Entries shown:
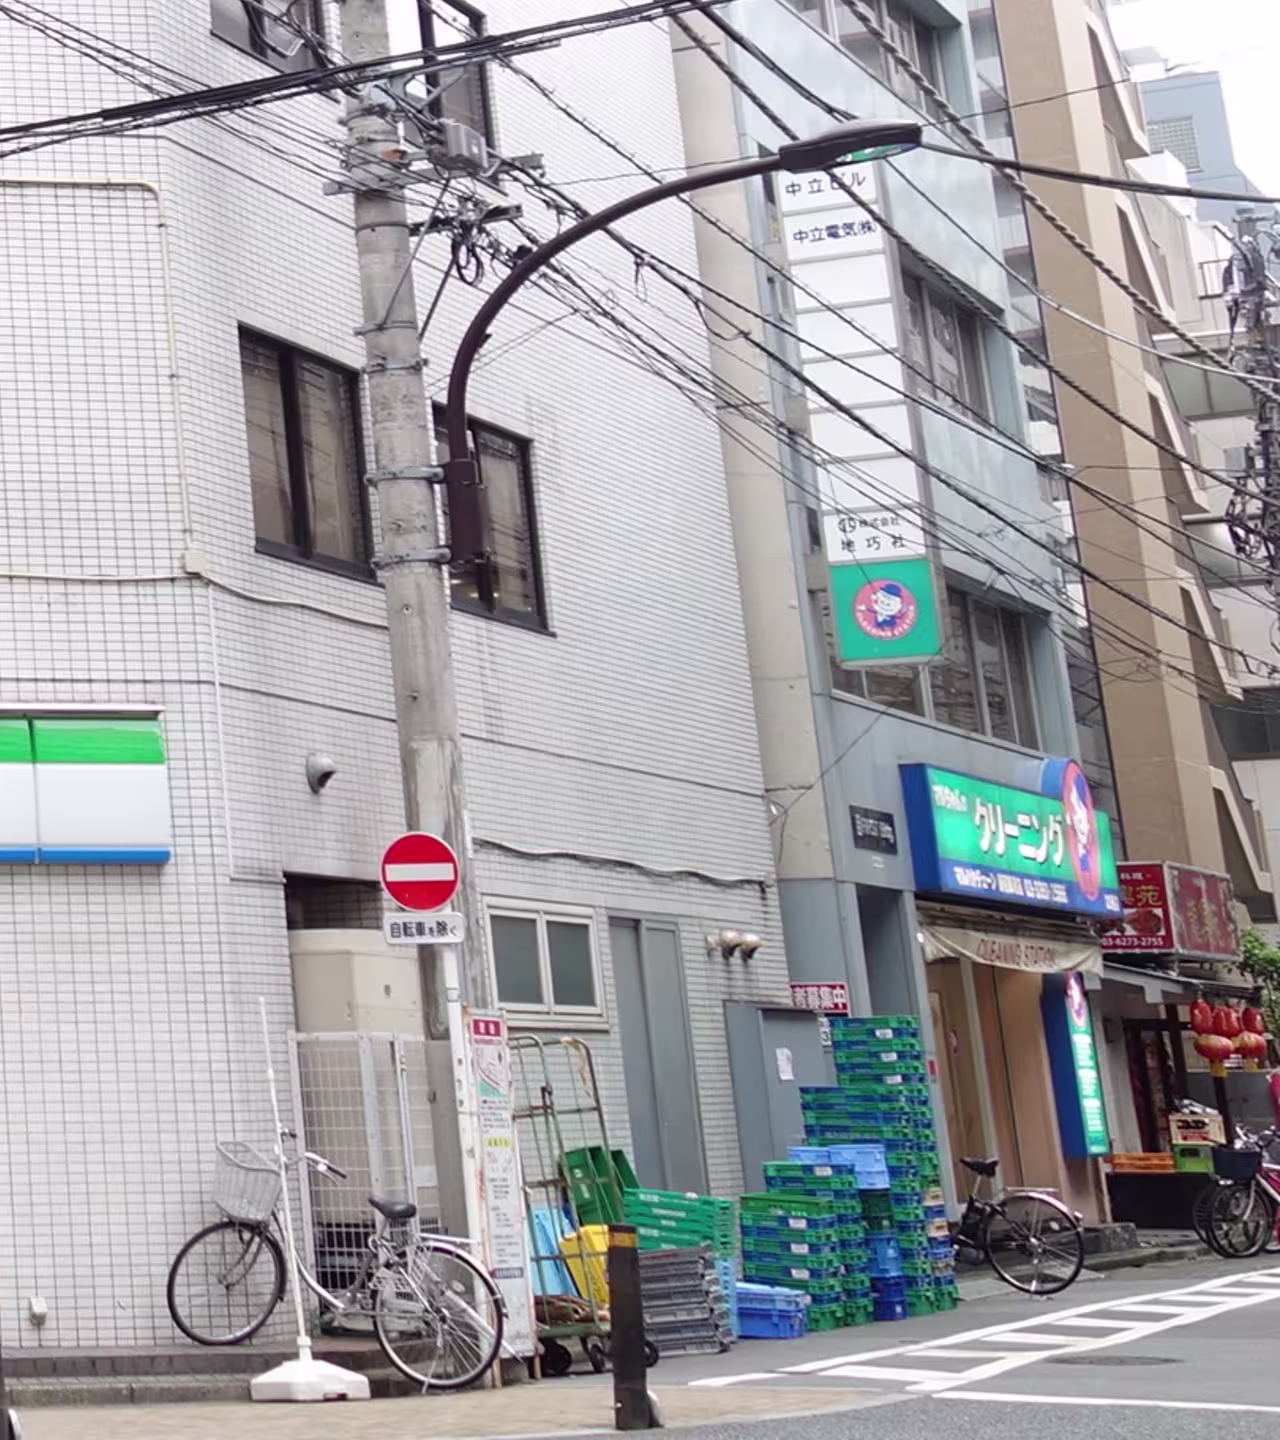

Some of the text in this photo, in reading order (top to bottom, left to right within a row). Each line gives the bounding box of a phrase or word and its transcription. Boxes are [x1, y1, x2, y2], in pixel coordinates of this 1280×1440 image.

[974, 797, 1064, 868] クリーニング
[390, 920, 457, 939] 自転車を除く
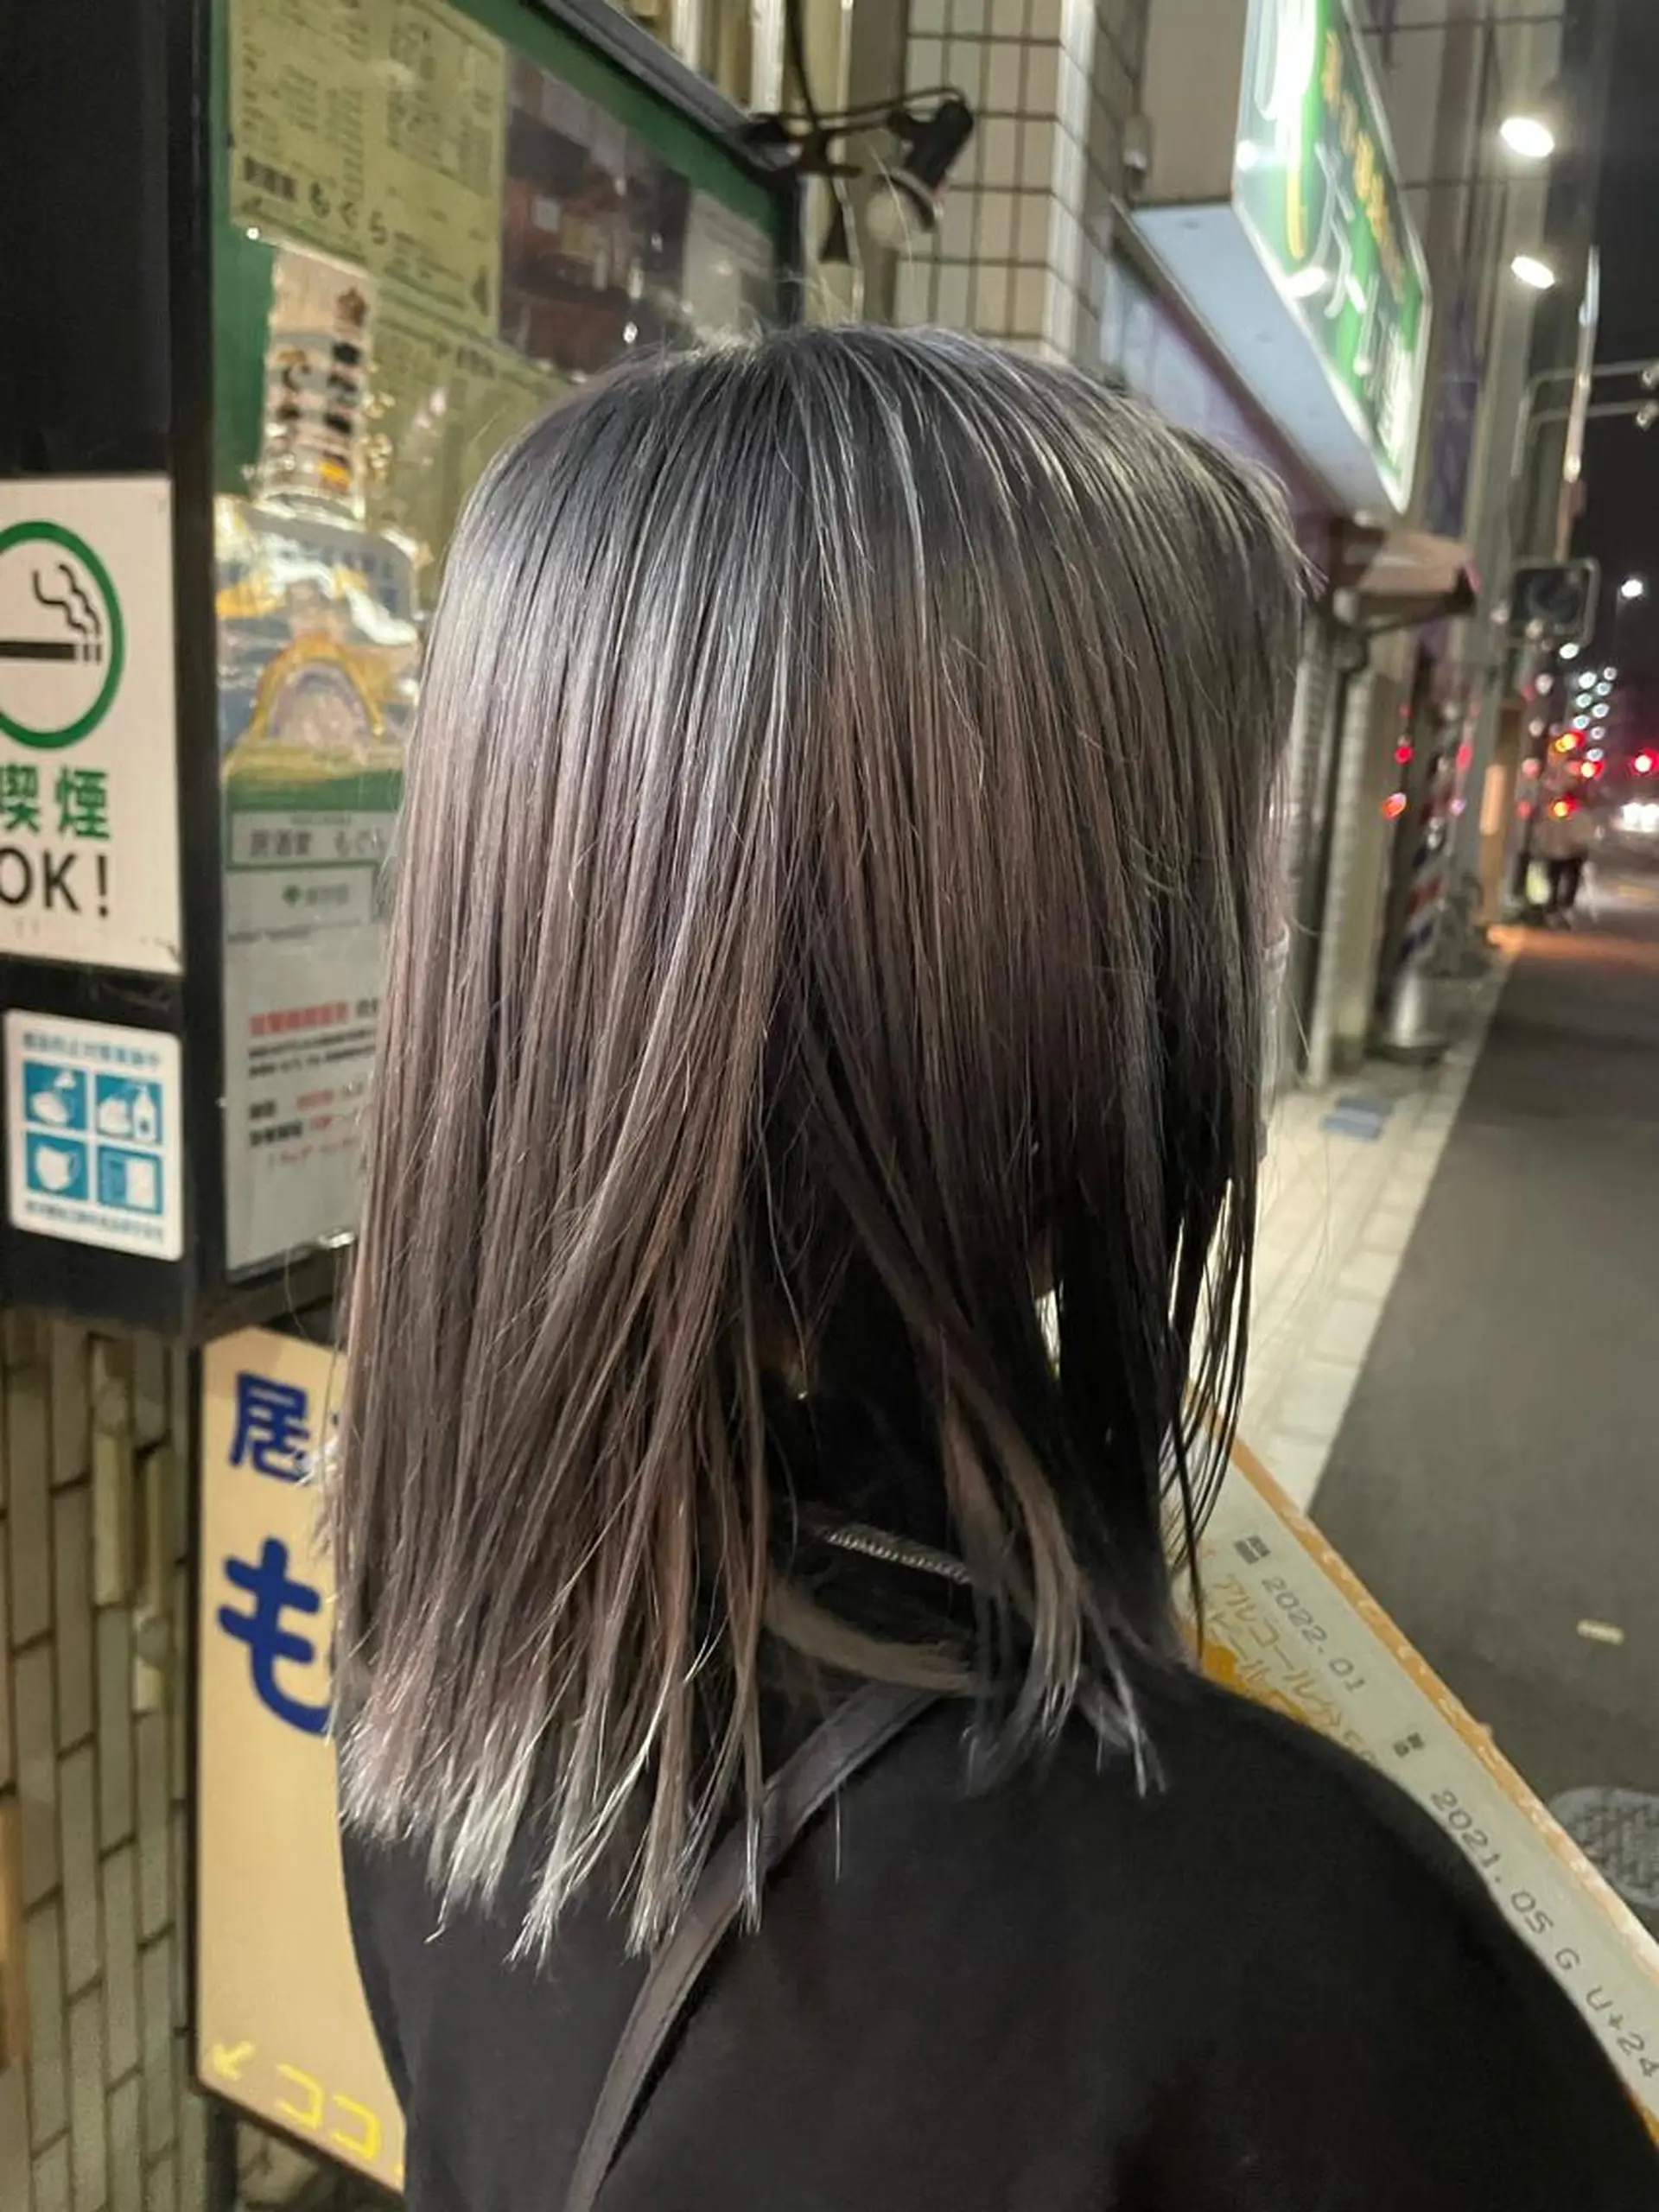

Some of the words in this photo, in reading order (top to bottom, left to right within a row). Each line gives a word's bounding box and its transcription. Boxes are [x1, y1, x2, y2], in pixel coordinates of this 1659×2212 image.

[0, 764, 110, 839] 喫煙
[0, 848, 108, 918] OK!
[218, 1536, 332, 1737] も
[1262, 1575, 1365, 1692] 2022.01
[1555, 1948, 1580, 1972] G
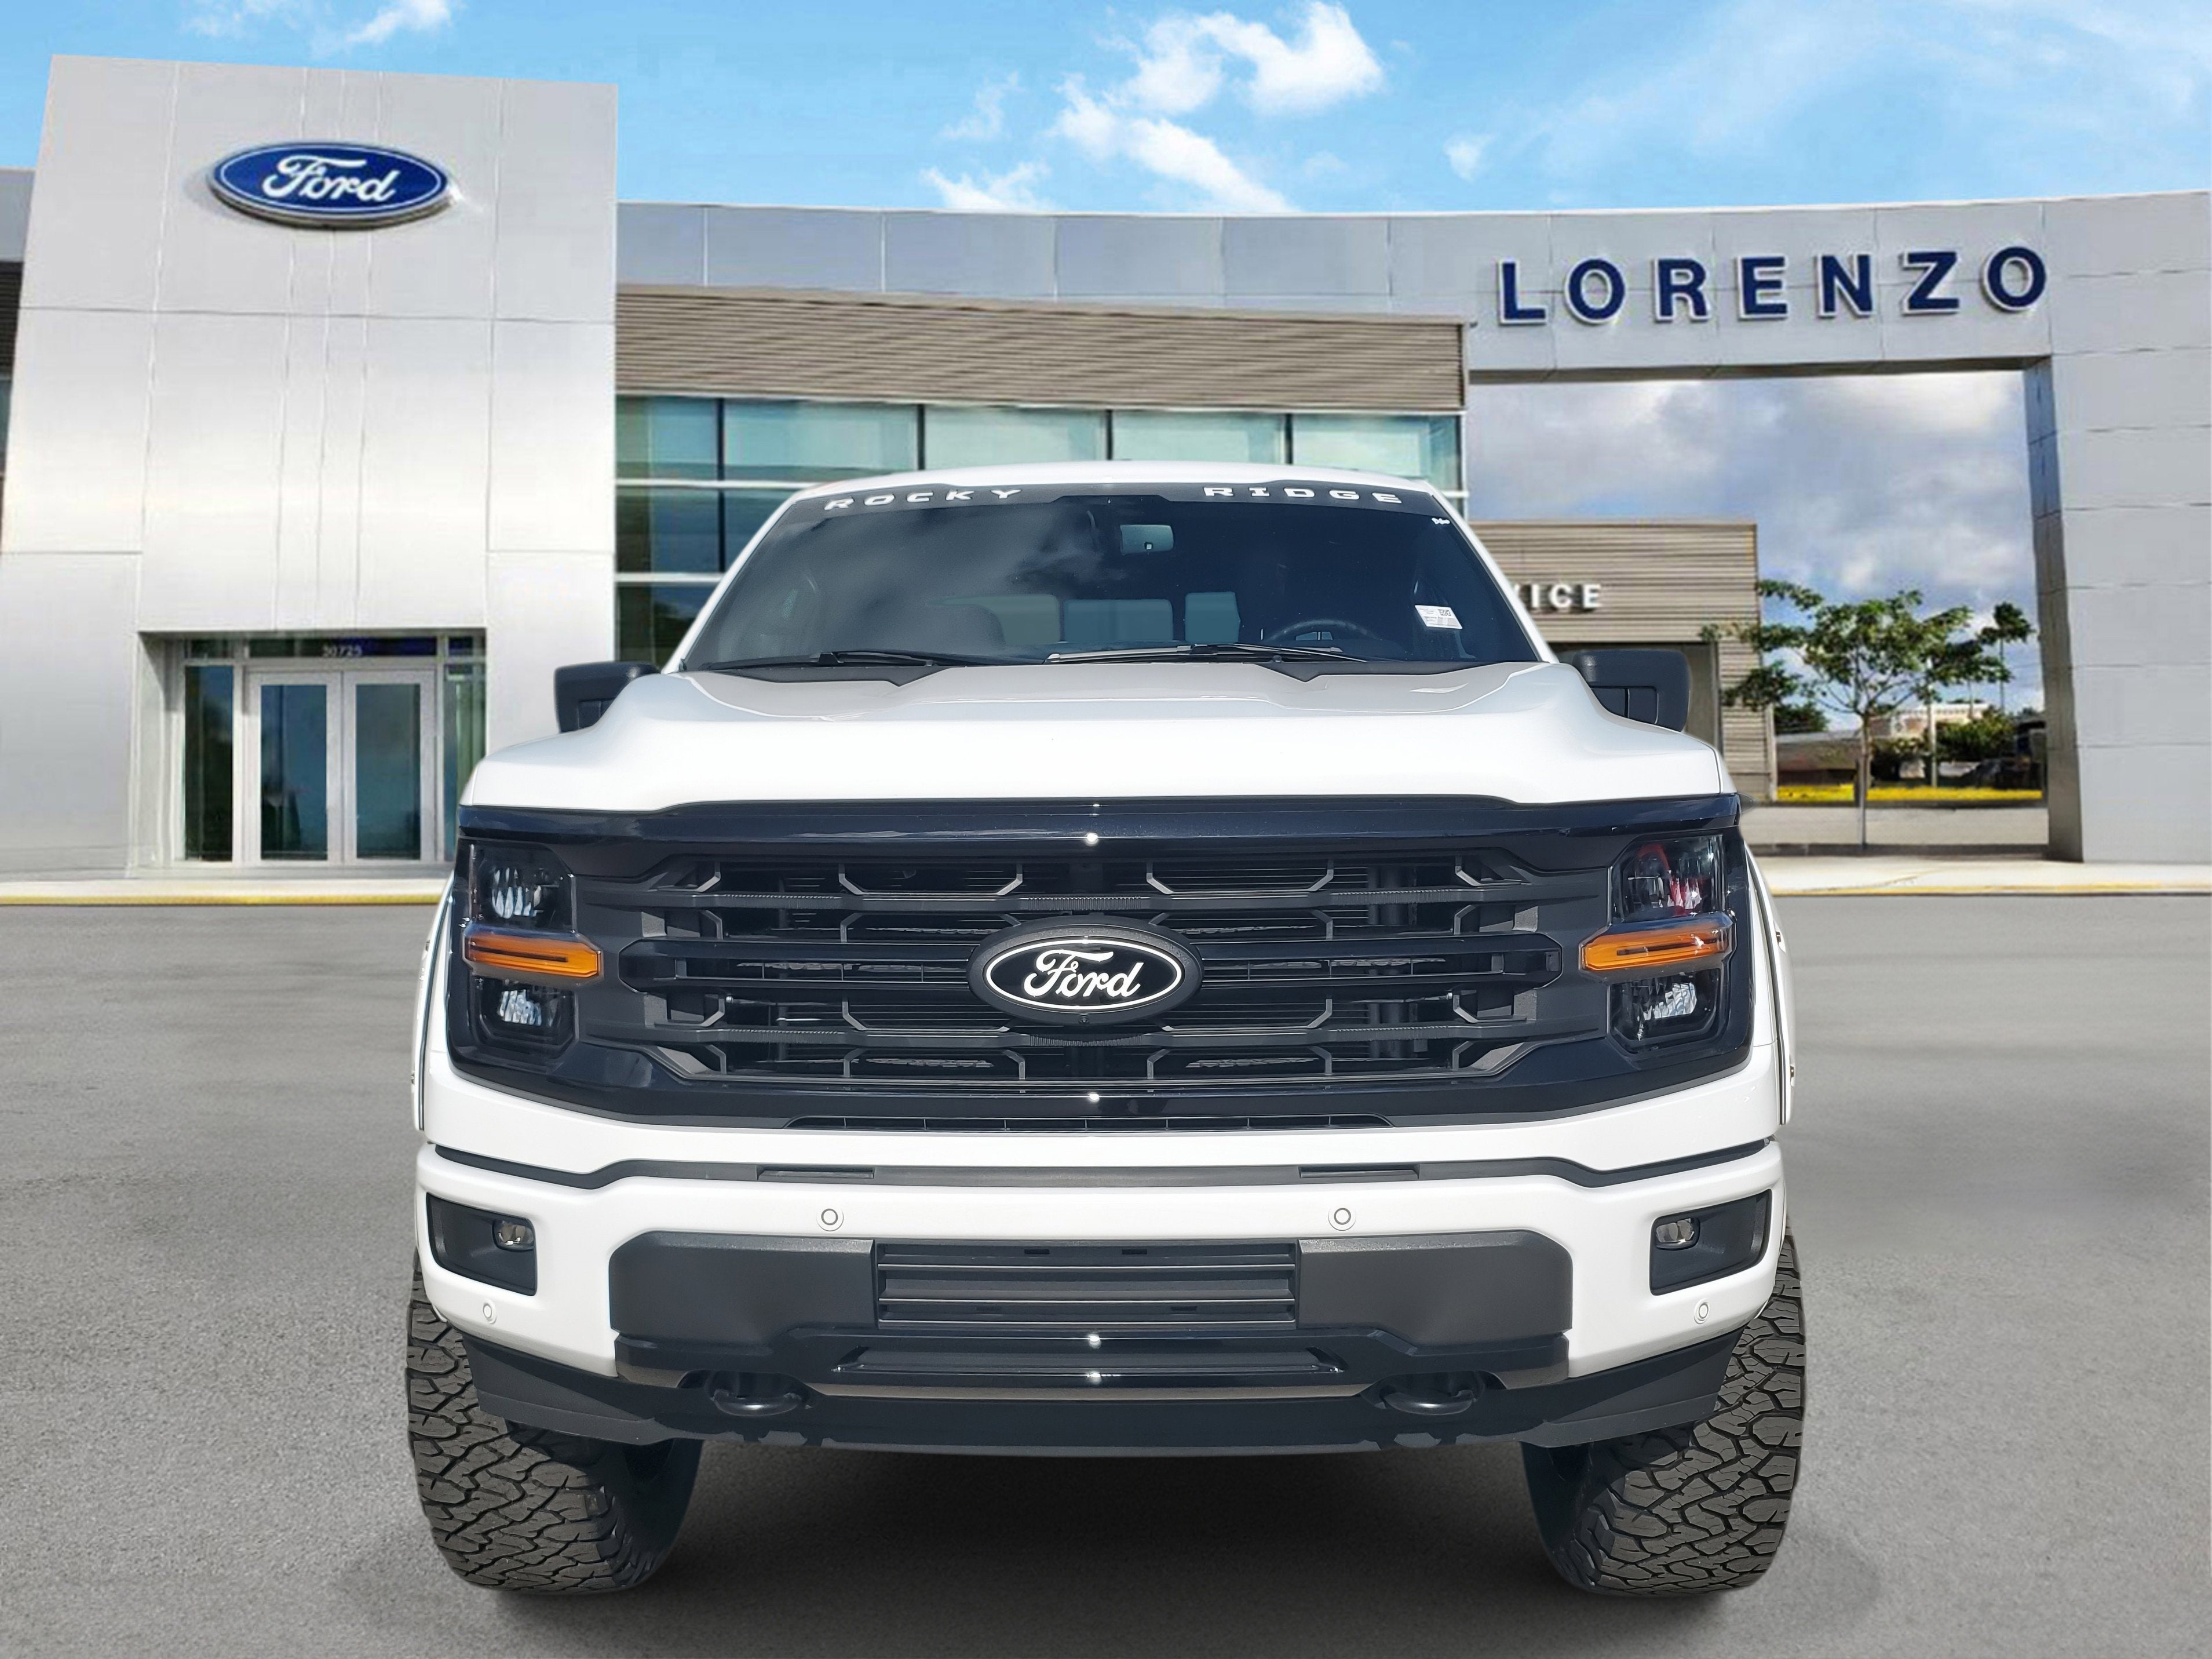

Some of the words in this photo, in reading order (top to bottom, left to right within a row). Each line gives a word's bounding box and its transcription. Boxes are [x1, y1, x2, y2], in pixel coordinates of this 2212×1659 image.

Instructions for the task: Leaving every picture out, please copy exactly the lines from the one holding "this 1659×2212 image." through the last line of the listing, both ends included.

Answer to the exercise:
Some of the words in this photo, in reading order (top to bottom, left to right within a row). Each line gives a word's bounding box and its transcription. Boxes are [x1, y1, x2, y2], in pixel coordinates of this 1659×2212 image.

[0, 764, 110, 839] 喫煙
[0, 848, 108, 918] OK!
[218, 1536, 332, 1737] も
[1262, 1575, 1365, 1692] 2022.01
[1555, 1948, 1580, 1972] G

Some of the words in this photo, in reading order (top to bottom, left to right within a row). Each line gives a word's bounding box and its transcription. Boxes are [x1, y1, x2, y2], in pixel coordinates of this 2212×1659 image.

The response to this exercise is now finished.